- [Assignment]: An exact copy of all records is expected, minus the images.

- [Dataset entries]:
- Opening Delimiter -

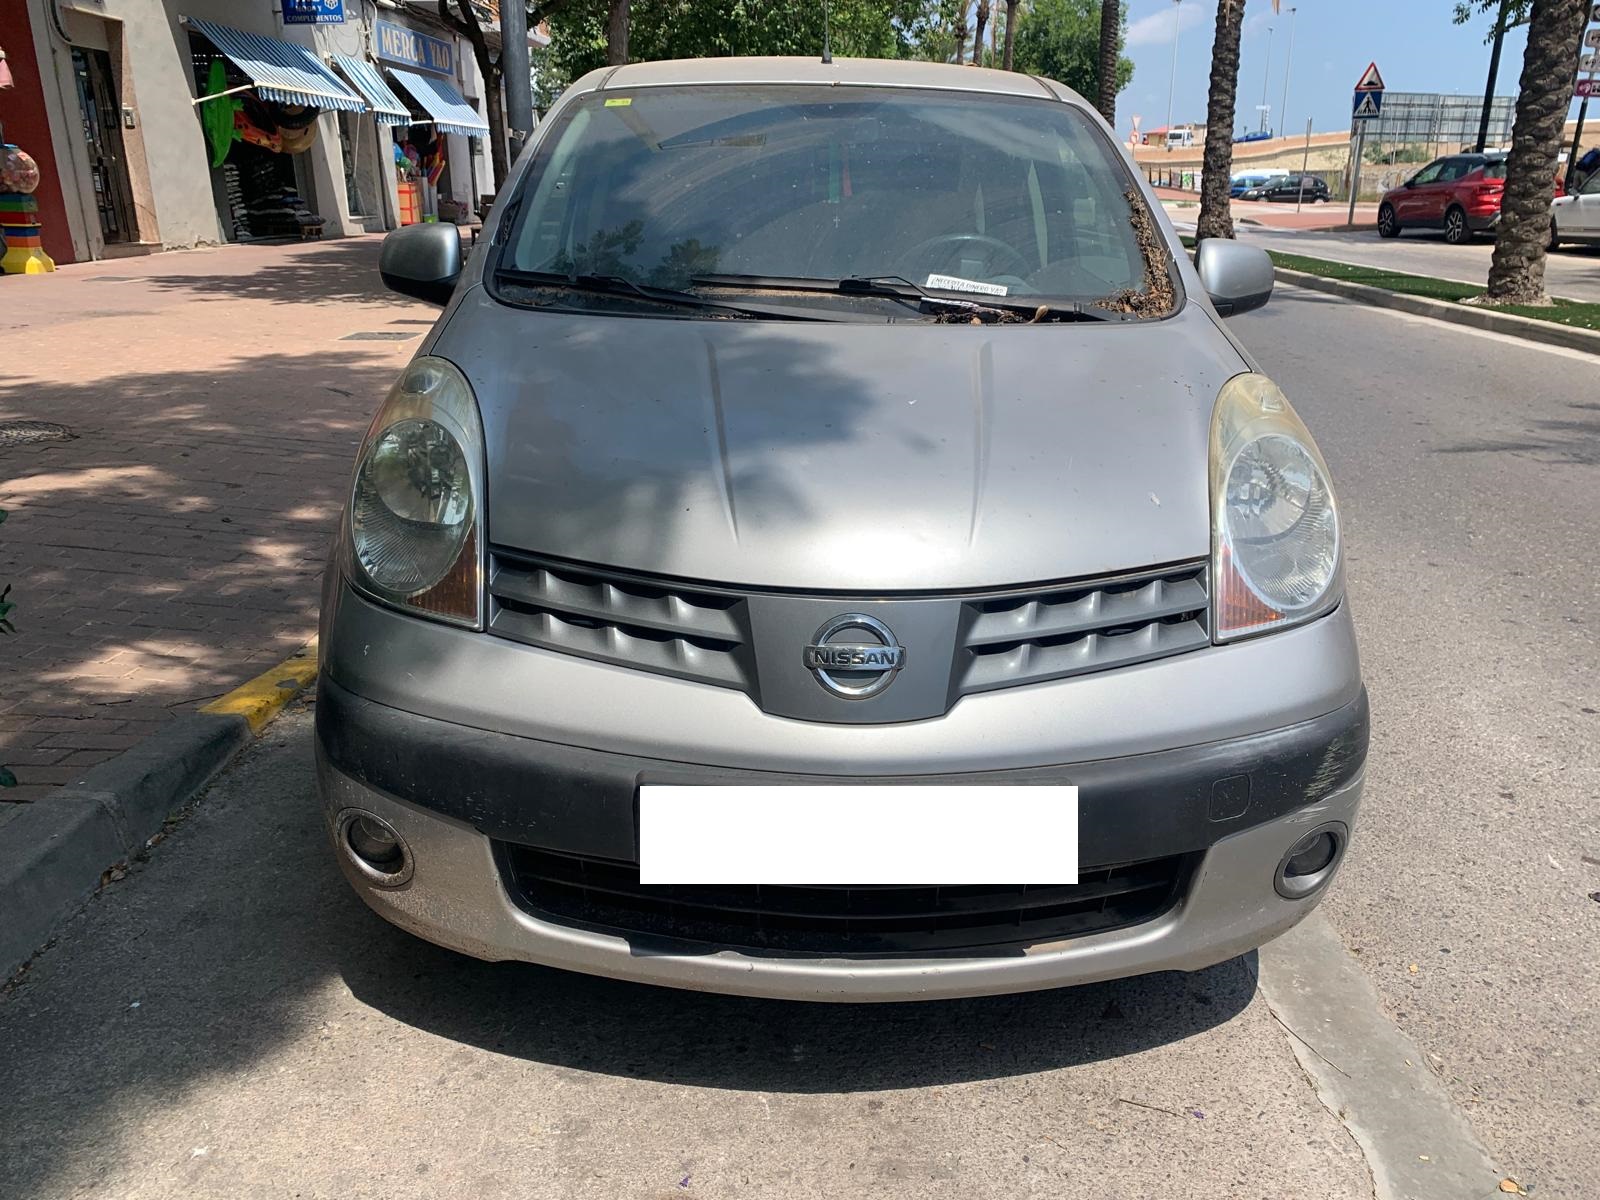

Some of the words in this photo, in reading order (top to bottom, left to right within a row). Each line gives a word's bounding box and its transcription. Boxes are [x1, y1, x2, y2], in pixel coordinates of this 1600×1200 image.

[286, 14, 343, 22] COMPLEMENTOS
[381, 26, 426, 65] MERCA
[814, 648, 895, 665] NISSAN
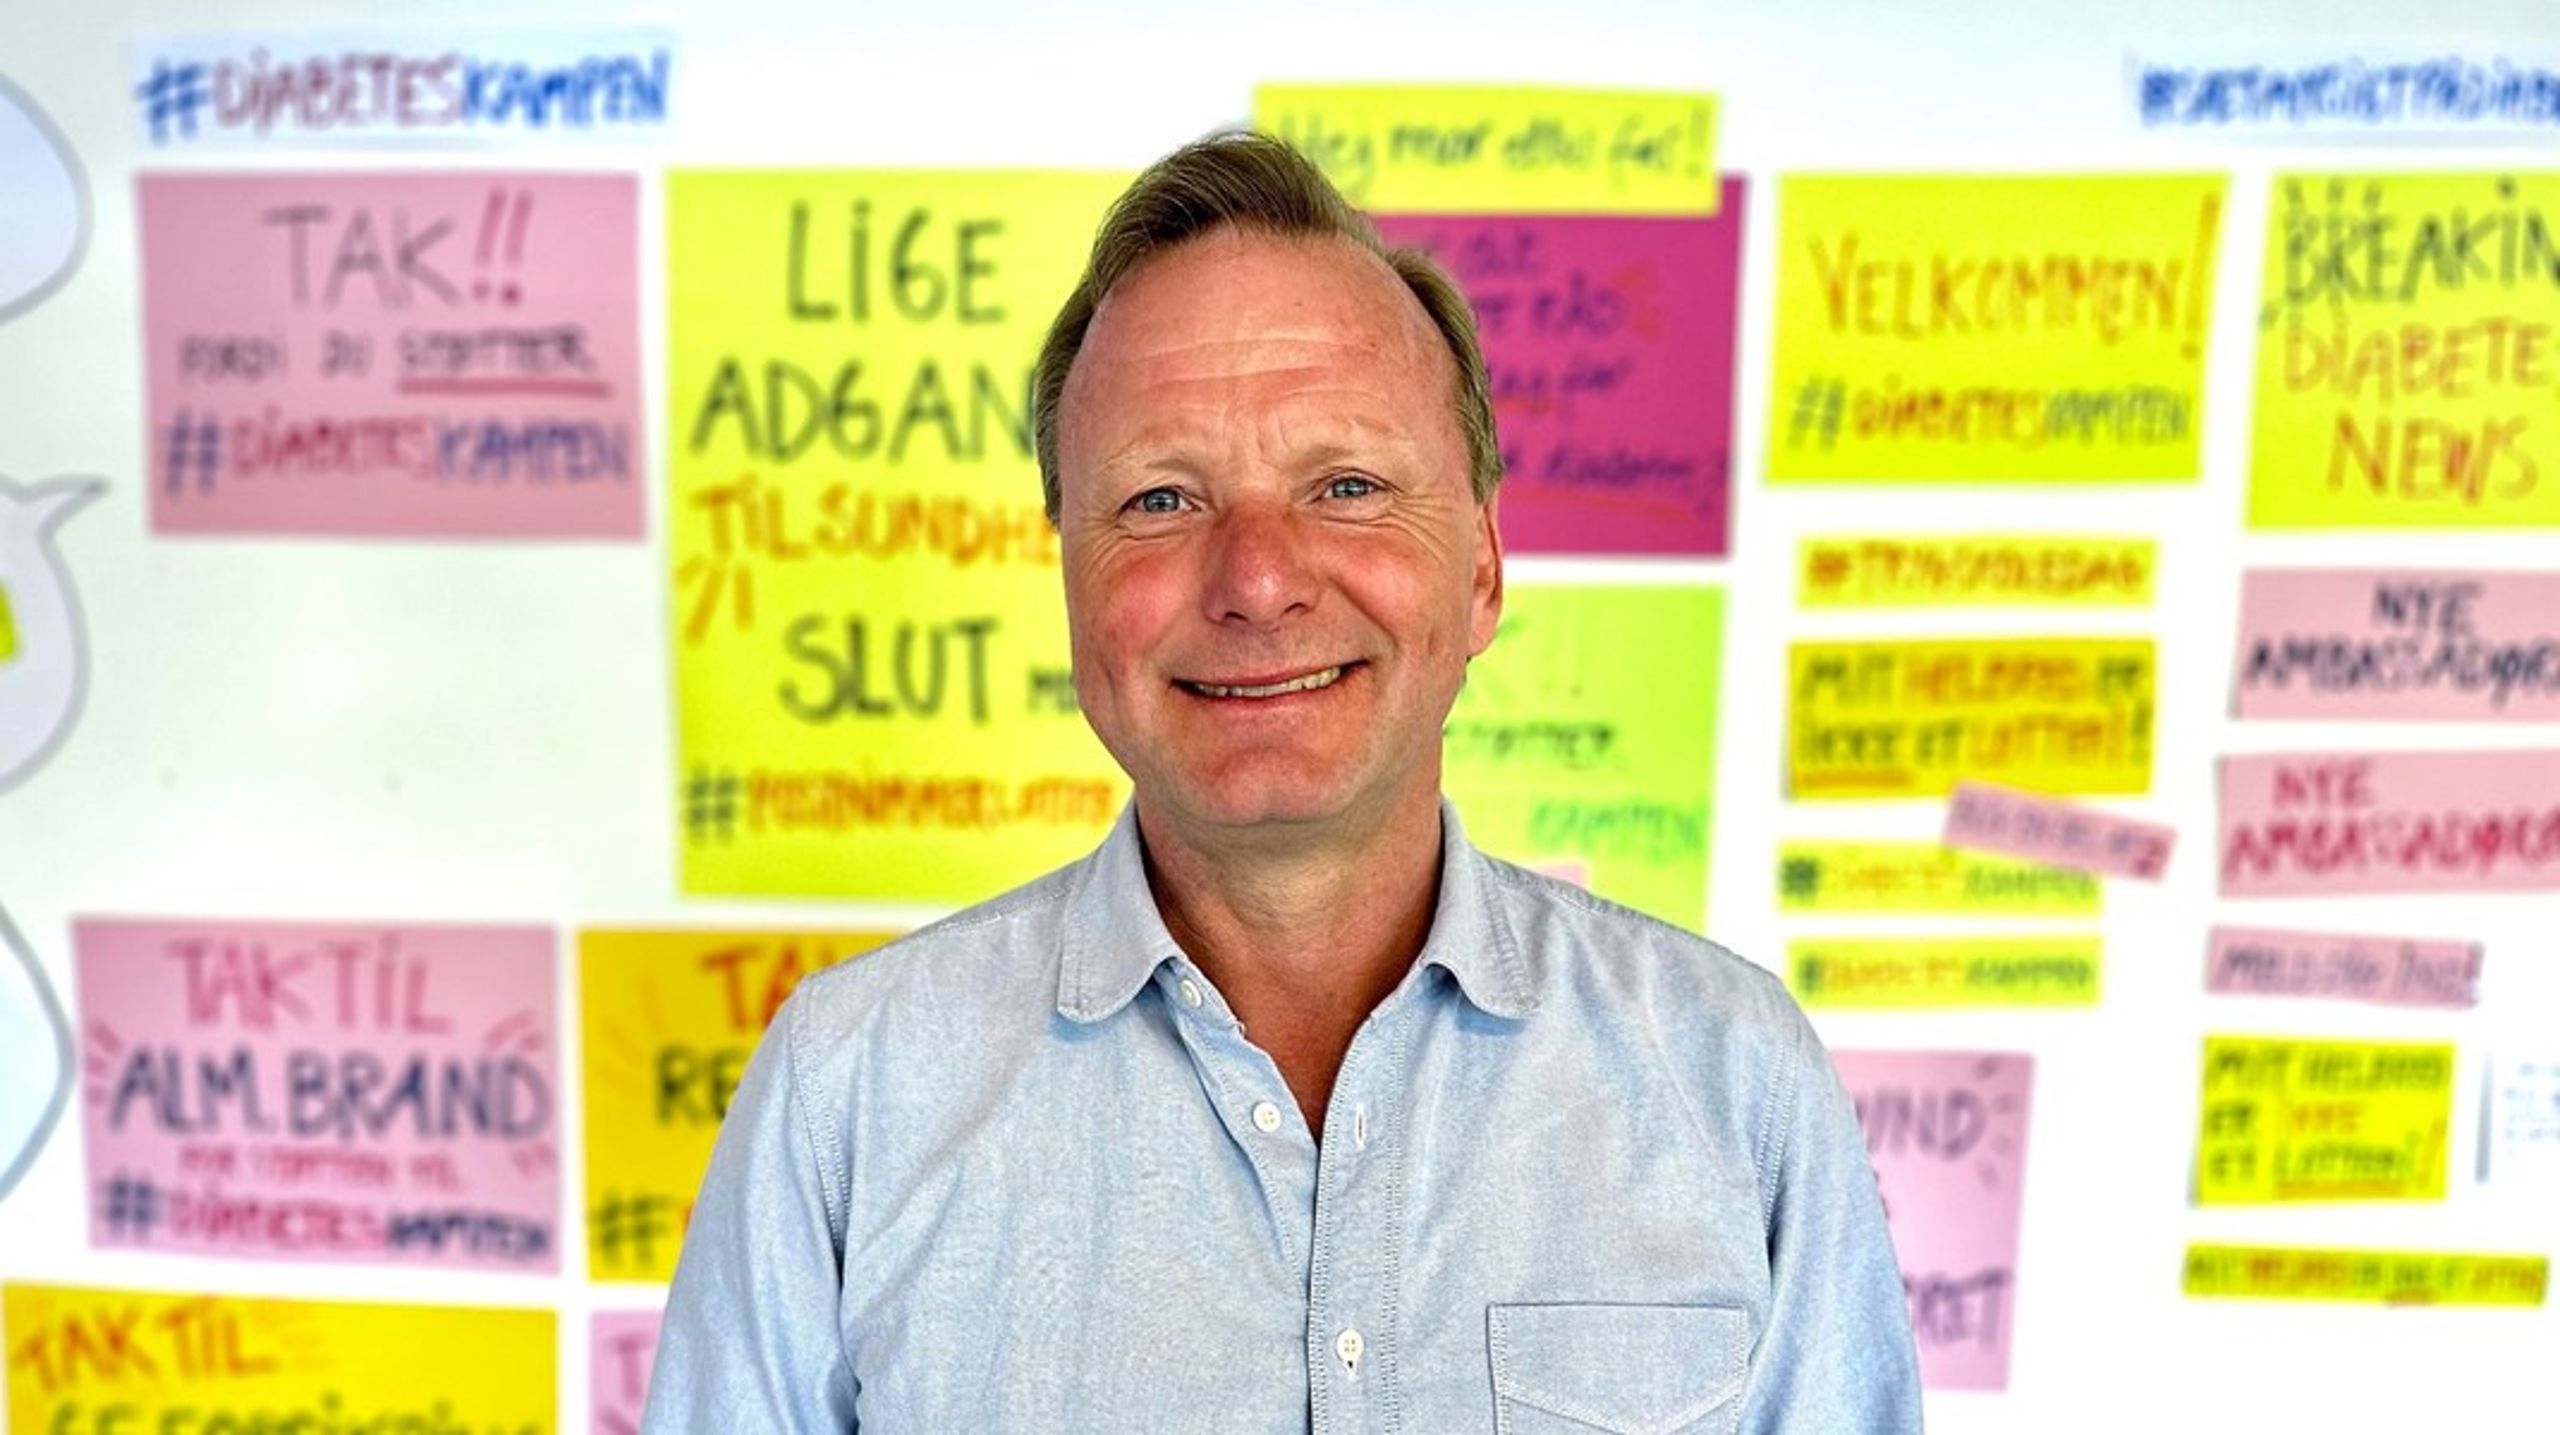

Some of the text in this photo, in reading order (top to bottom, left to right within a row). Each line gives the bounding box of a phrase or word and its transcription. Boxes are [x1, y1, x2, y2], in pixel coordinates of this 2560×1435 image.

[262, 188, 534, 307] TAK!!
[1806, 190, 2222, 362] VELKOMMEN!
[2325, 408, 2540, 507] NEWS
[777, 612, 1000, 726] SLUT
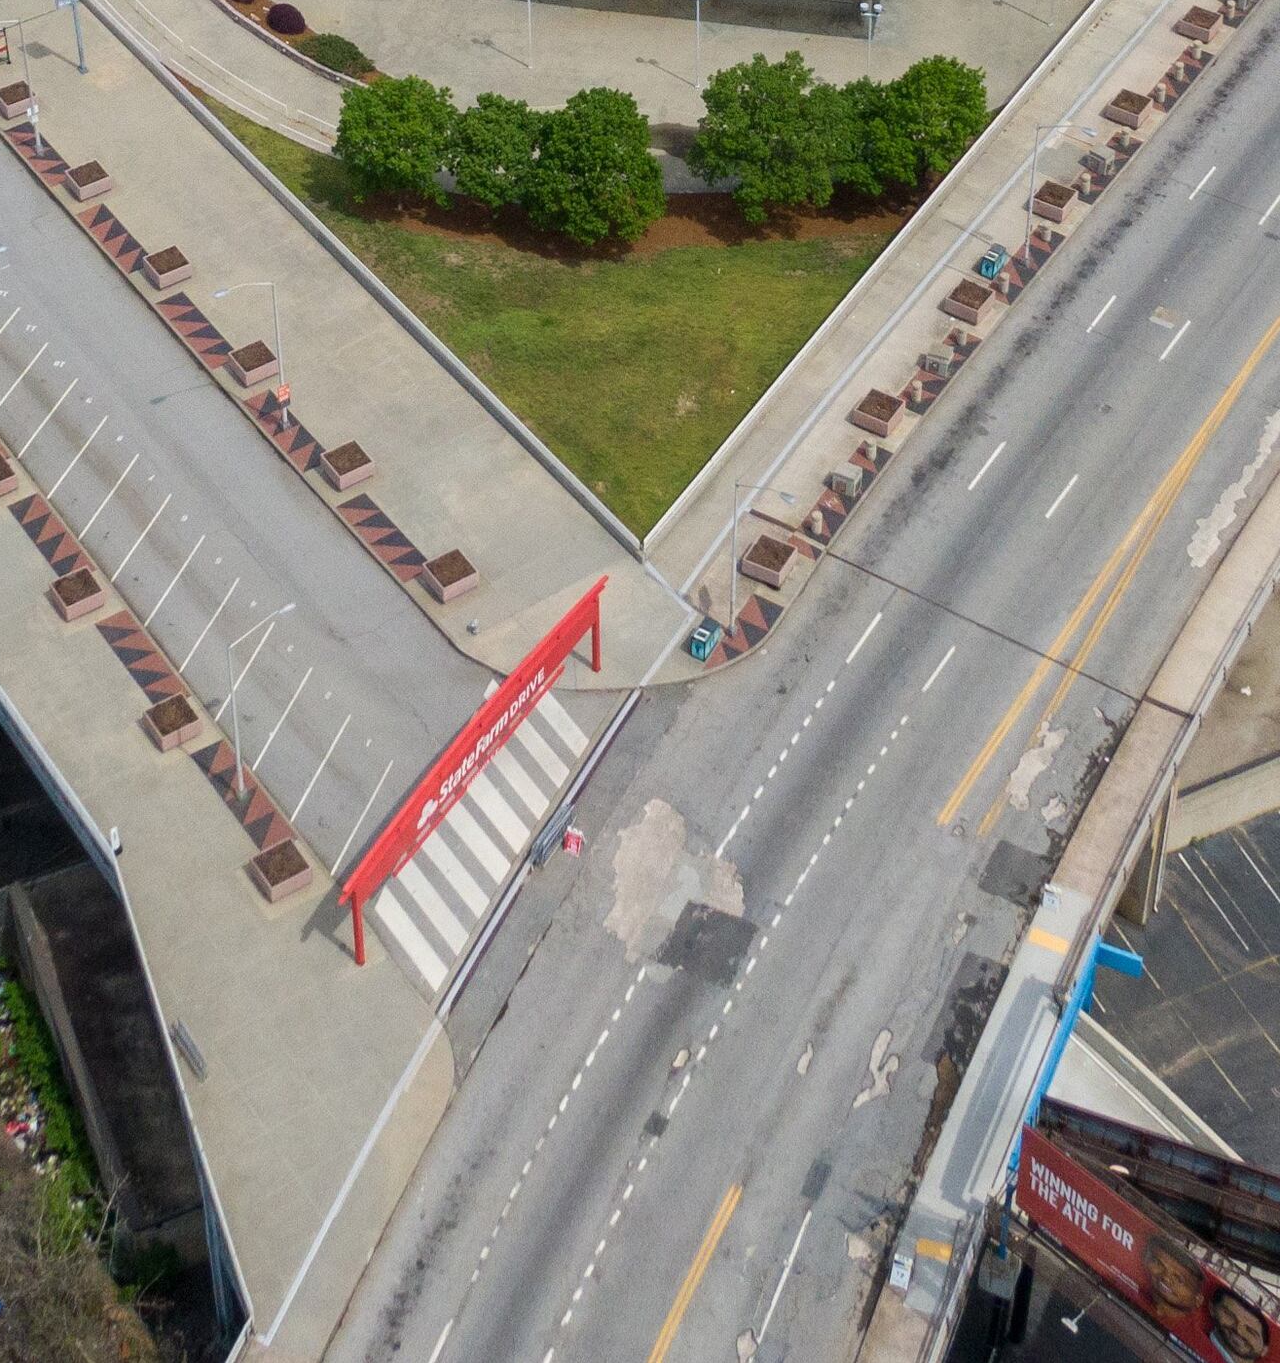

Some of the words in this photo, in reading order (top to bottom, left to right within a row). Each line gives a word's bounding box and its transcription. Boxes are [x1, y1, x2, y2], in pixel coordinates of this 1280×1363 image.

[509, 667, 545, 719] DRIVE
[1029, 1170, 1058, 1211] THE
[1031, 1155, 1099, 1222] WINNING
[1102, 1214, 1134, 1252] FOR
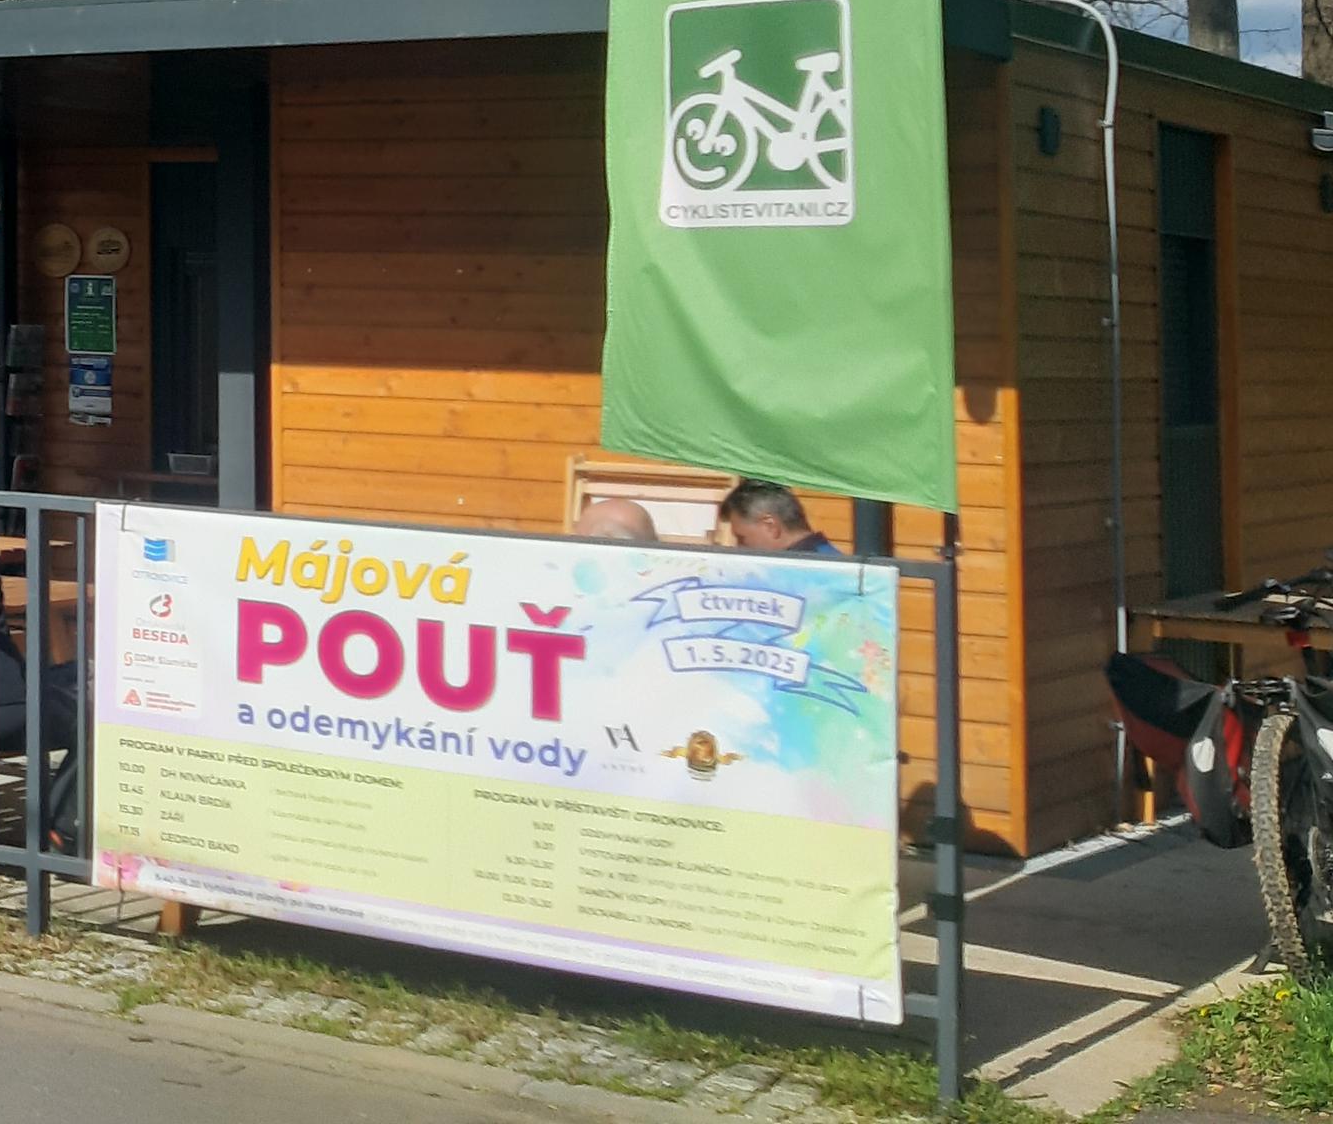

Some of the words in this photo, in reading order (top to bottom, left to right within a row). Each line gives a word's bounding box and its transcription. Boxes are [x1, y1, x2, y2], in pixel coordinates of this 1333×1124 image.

- Closing Delimiter -

- [Solution]:
Some of the words in this photo, in reading order (top to bottom, left to right within a row). Each line gives a word's bounding box and its transcription. Boxes are [x1, y1, x2, y2], in pixel coordinates of this 1600×1200 image.

[286, 14, 343, 22] COMPLEMENTOS
[381, 26, 426, 65] MERCA
[814, 648, 895, 665] NISSAN

Some of the text in this photo, in reading order (top to bottom, left to right within a row). Each line gives the bounding box of a phrase or word and its transcription. Boxes are [x1, y1, x2, y2], in pixel coordinates of this 2560×1435 image.

[262, 188, 534, 307] TAK!!
[1806, 190, 2222, 362] VELKOMMEN!
[2325, 408, 2540, 507] NEWS
[777, 612, 1000, 726] SLUT

Some of the words in this photo, in reading order (top to bottom, left to right within a row). Each line gives a word's bounding box and its transcription. Boxes are [x1, y1, x2, y2], in pixel coordinates of this 1280×1363 image.

[509, 667, 545, 719] DRIVE
[1029, 1170, 1058, 1211] THE
[1031, 1155, 1099, 1222] WINNING
[1102, 1214, 1134, 1252] FOR

Some of the words in this photo, in reading order (top to bottom, left to right within a row). Each line gives a word's bounding box and its transcription. Boxes are [x1, y1, x2, y2], in pixel coordinates of this 1333×1124 image.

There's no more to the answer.